If you've ever had the privilege of watching a lion being a lion on its home turf (even if the side of 'being a lion' you're most likely to see is usually some version of this), then a sight like this one hits you particularly hard.
Animal charities condemn plight of circus tigers kept in tiny cages in Aberdeenshire field http://t.co/XMg5xBPiZI pic.twitter.com/OS9jzvadUa
— The Daily Record (@Daily_Record) November 7, 2014
The unfortunate animals are Britain's last performing big cats, the feline chattel of a travelling circus, one of only two licensed to perform with wild animals in England. And the lions are not alone. Three tigers complete this sad circus inventory.
The plight of the cats hit the news earlier month when, with the circus tent all folded up for the season, they were trucked to an empty field in Aberdeenshire, Scotland for the winter. In store for them now are several frosty months in an enclosure and a small attached trailer preposterously referred to as the 'beast wagon'.
Animal welfare groups like Animal Defenders International are campaigning hard for laws that would see big cats in circuses banned for good across Britain – and recent video footage of the Aberdeenshire site released by the organisation provides solid evidence for why that should and must happen:
The tiger's frustrated pacing is a stereotypic behaviour that's common among captive animals whose natural behavioural patterns have been disrupted for long periods of time – and just like this haunting footage of the world's last thylacine from more than 80 years ago, watching it fills me with unease and sadness. I want to believe that anyone else watching it would feel the same.
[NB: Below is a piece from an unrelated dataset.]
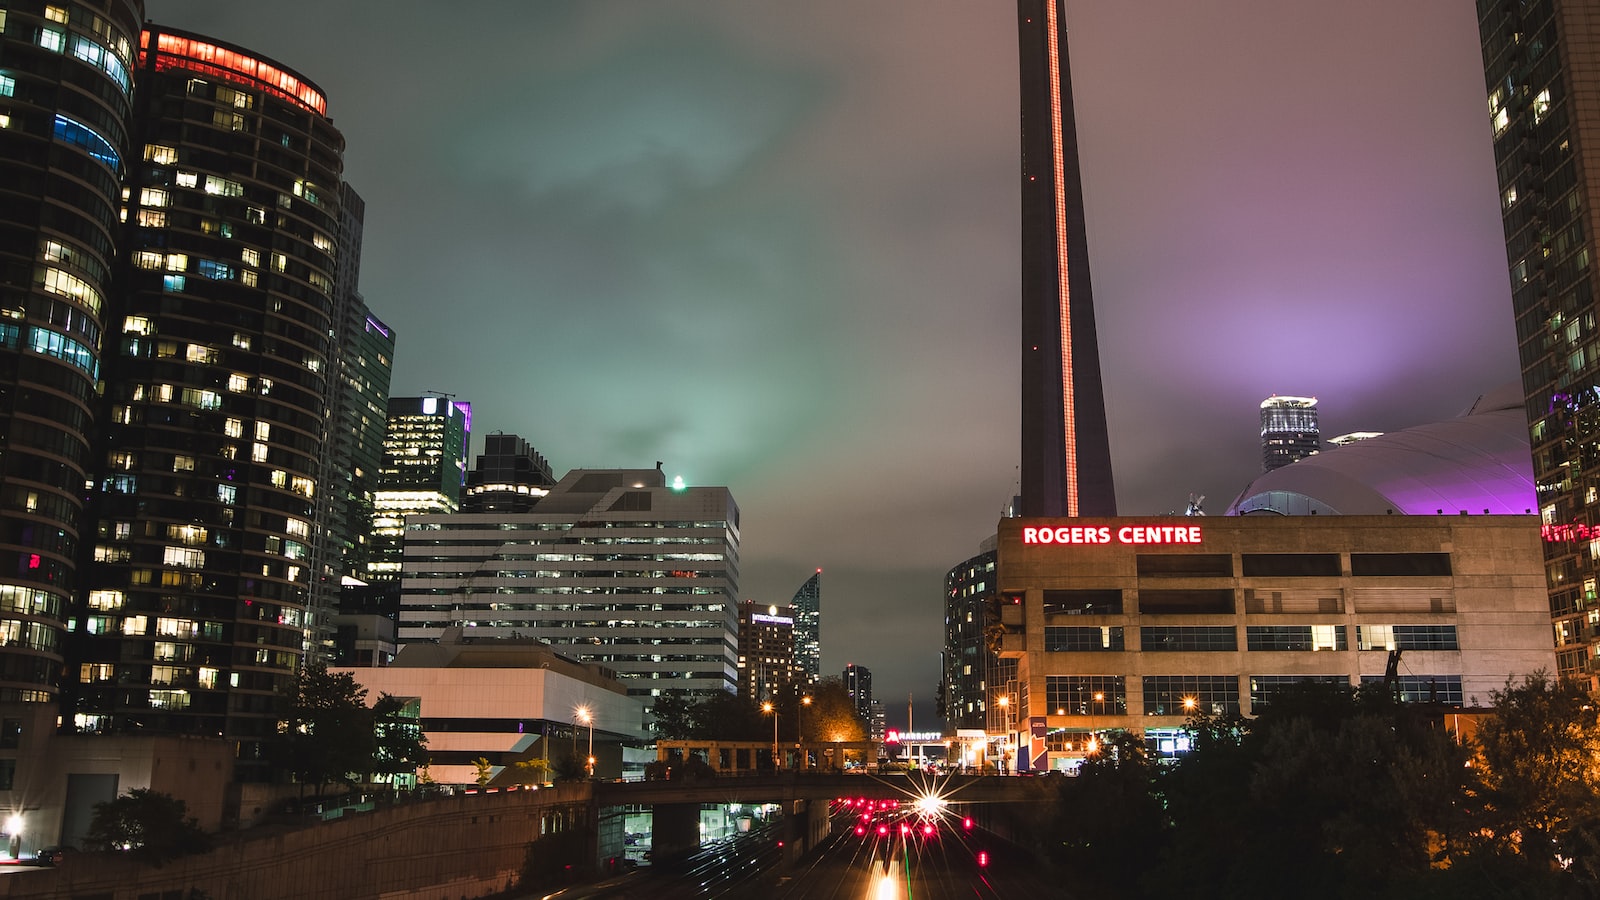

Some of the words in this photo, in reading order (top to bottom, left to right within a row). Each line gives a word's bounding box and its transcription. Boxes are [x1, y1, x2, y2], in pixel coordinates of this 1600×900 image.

[1024, 527, 1110, 543] ROGERS
[1118, 527, 1202, 543] CENTRE
[898, 732, 942, 740] MARRIOTT
Cards on the table, I am no lion (or tiger) expert. But over the years, I have learned a good deal about these animals, much of it from people who spend their lives filming these predators in some truly wild corners of the globe. And if you'll grant me just a sprinkle of anthropomorphic leeway, I can tell you that African lions like to do a fair bit of loafing, but they're also mercurial, curious, sometimes almost breathtakingly brutal and yet also affably gregarious ... and always fascinating. I can also tell you that it is in their nature to live out their lives in complex and dynamic family units across territories that often stretch over hundreds of kilometres.
And you will learn none of these things from the unfortunate specimens pacing inside a 'beast wagon' on a field somewhere in Scotland.
Happily, it seems that since this story made headlines, the Scottish government has agreed to "look carefully" at changing the law to ban circuses from using wild animals. Yet legislative change can take a notoriously long time – which is why it's reassuring to know that we don't need to wait on politicians to show circuses like this one that we refuse to be 'entertained' in this way. Unlike other multifaceted, complex threats facing lions (and tigers) in the wild today, this particular wrong can be righted, wherever a big cat is being goaded through a fiery hoop, by ordinary people not doing something. Just don't buy that ticket.